The story of version 1.1

Once upon a time, a software project took around 7 months to get to version 1.0 . We didn’t have any problem all that time with our SVN (Subversion) repository as we didn’t have to release anytime before version 1.0 . we didn’t have any SVN strategy till that moment and all of us were happily committing to the trunk and enjoying a branching-less life.

The last 2 months before releasing version 1.0 were mainly focused on enhancing performance and bug fixing. we couldn’t stop at that point as we had many developers with nothing to do and more features waiting to be added to the next version. the work on the new features had to go in parallel with the code enhancements being applied to version 1.0 to get it released and ready to be deployed to production. we did create another branch for the 1.1 version.

Some of our developers started committing to the 1.1 branch while some others continued to commit to the trunk. then after 2 months of work, we wanted to release the 1.1 version. the plan was to merge the 1.1 branch into trunk, test it, fix bugs and then deploy that to production. things didn’t go that simple as we had very big code base and there were many differences between the 1.1 branch and the trunk. merging took more than a week and lots of bugs that were fixed before in the trunk, came back to life with more new bugs that had to be fixed as fast as possible to get the 1.1 version released and deployed to production.

The bug fixing phase took more than what was expected and our product team (who were playing the rule of the owner in our little software development game) had a plan with lots of features that had to be completed before the end of year and they didn’t want to stop the development of new features till we finish fixing all the bugs.

They gave us a plan for the rest of the year and they wanted to change our release strategy so we release and deploy to production at the end of every week. this was a kinda good strategy for our kind of business. the problem was that we still didn’t have a stable code base that we were sure that we can build on. we had lots of fatal bugs waiting to be fixed and we didn’t yet release version 1.1 .

Anyway, we started working on the features of the first week of the plan. while the amount of features was more than what can be finished in one week, we couldn’t finish the features in less than 10 days. this left us behind the plan by some days and we didn’t have enough time yet to fix the bugs of version 1.1 . we were pushed more to start working on the planned features for the second week. that week had more complicated features and it took us 2 weeks to finish it.

At that moment we had all that code in the trunk with lots of new implemented features and more bugs. we didn’t release anything in the previous 3 months (since version 1.0) . the project didn’t benefit of the new features. every team is blaming the other for making things go like that. the product team had more plans and features to be implemented till the end of year. the development team can’t make a new release with all those bugs.

that’s not the end of the story, but I have to stop here and start analyzing what happened. mainly, I see 2 problems.

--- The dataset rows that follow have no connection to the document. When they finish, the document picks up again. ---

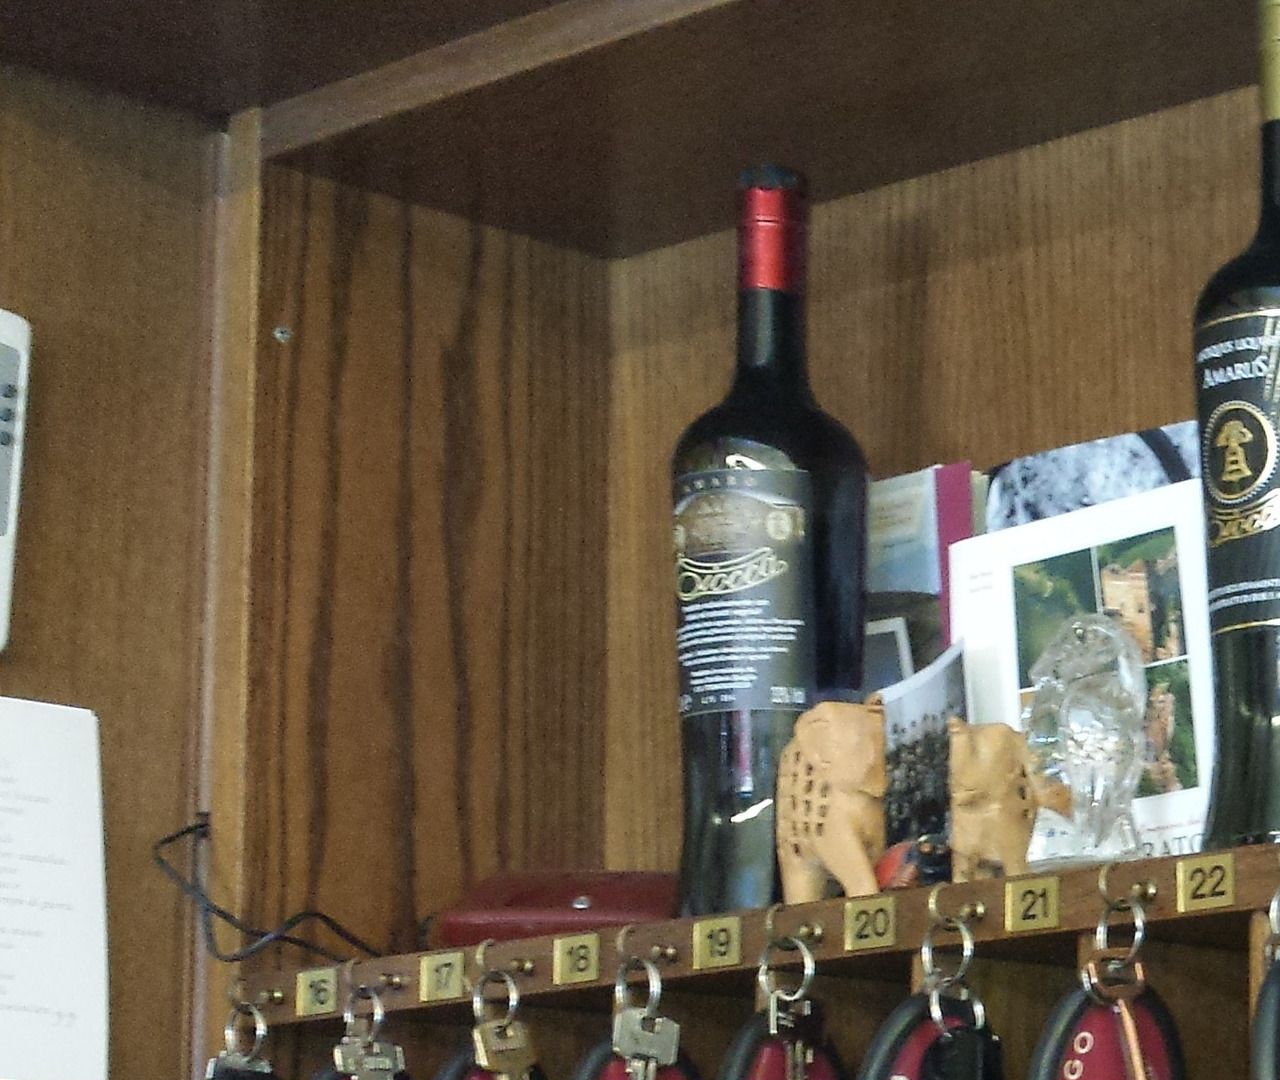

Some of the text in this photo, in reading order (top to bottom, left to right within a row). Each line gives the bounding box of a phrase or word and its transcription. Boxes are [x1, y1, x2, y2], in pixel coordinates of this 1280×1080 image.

[1189, 865, 1227, 900] 22
[1021, 888, 1051, 921] 21
[854, 907, 890, 940] 20
[566, 943, 590, 973] 18
[706, 927, 729, 957] 19

First, the development team was committing all the code directly into the trunk. we would have created a branch for each feature. this way each feature will stay isolated with all its bugs and then when it’s stable, we can merge the branch into the trunk. this will keep the trunk always ready for deployment at any moment.

like what Mr.Radwan say, “your main code base is gold, you can’t mix it with rubbish code”. this way we can keep our gold in the trunk always ready for deployment and we can keep history of each release in a tag with the right label.

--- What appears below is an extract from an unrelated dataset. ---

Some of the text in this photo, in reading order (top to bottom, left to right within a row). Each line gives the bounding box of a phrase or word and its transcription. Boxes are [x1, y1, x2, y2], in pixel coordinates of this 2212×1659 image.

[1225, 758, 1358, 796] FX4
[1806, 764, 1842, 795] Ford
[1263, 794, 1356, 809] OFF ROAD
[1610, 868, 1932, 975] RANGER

branching in source control systems

Second, the product team shouldn’t have continued requesting new features while there were many bugs not fixed and while they can’t release the finished features. they should have stopped till the development team can get all the bugs fixed and then they can meet with the development team to see how they can stop the problem from appearing again in the future.

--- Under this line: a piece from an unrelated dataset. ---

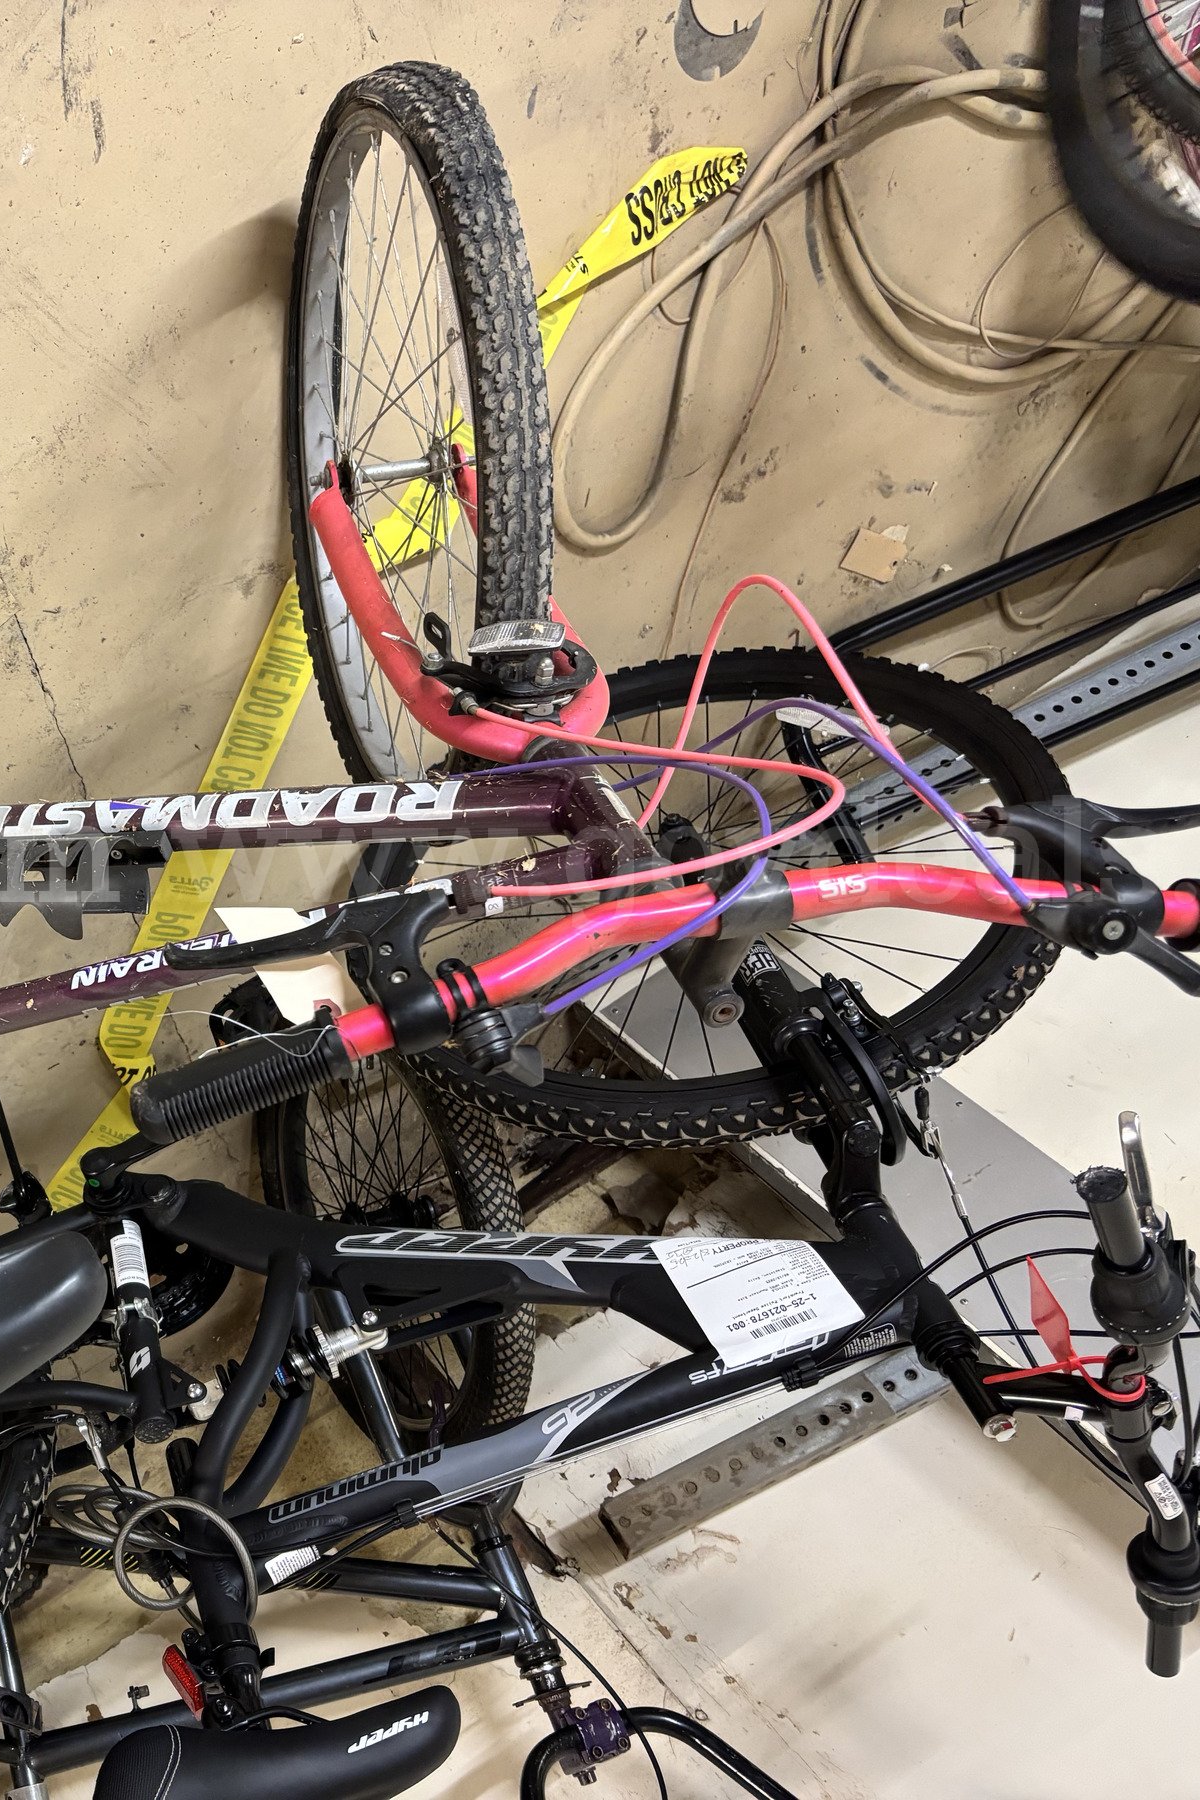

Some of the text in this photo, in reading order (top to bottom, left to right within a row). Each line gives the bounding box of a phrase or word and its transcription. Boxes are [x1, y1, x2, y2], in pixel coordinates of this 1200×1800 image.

software development isn’t that simple and not respecting this craft can turn a project into a big failure. problems in projects like that doesn’t appear just over night, people are the main reason of the problems. if you can’t control all the participants and keep them focused on what they should do, they will start behaving the way they like and will start fighting each other instead of collaborating. if they were focused, they would have noticed that the project is shifting from the right way and they would have started early to fix this.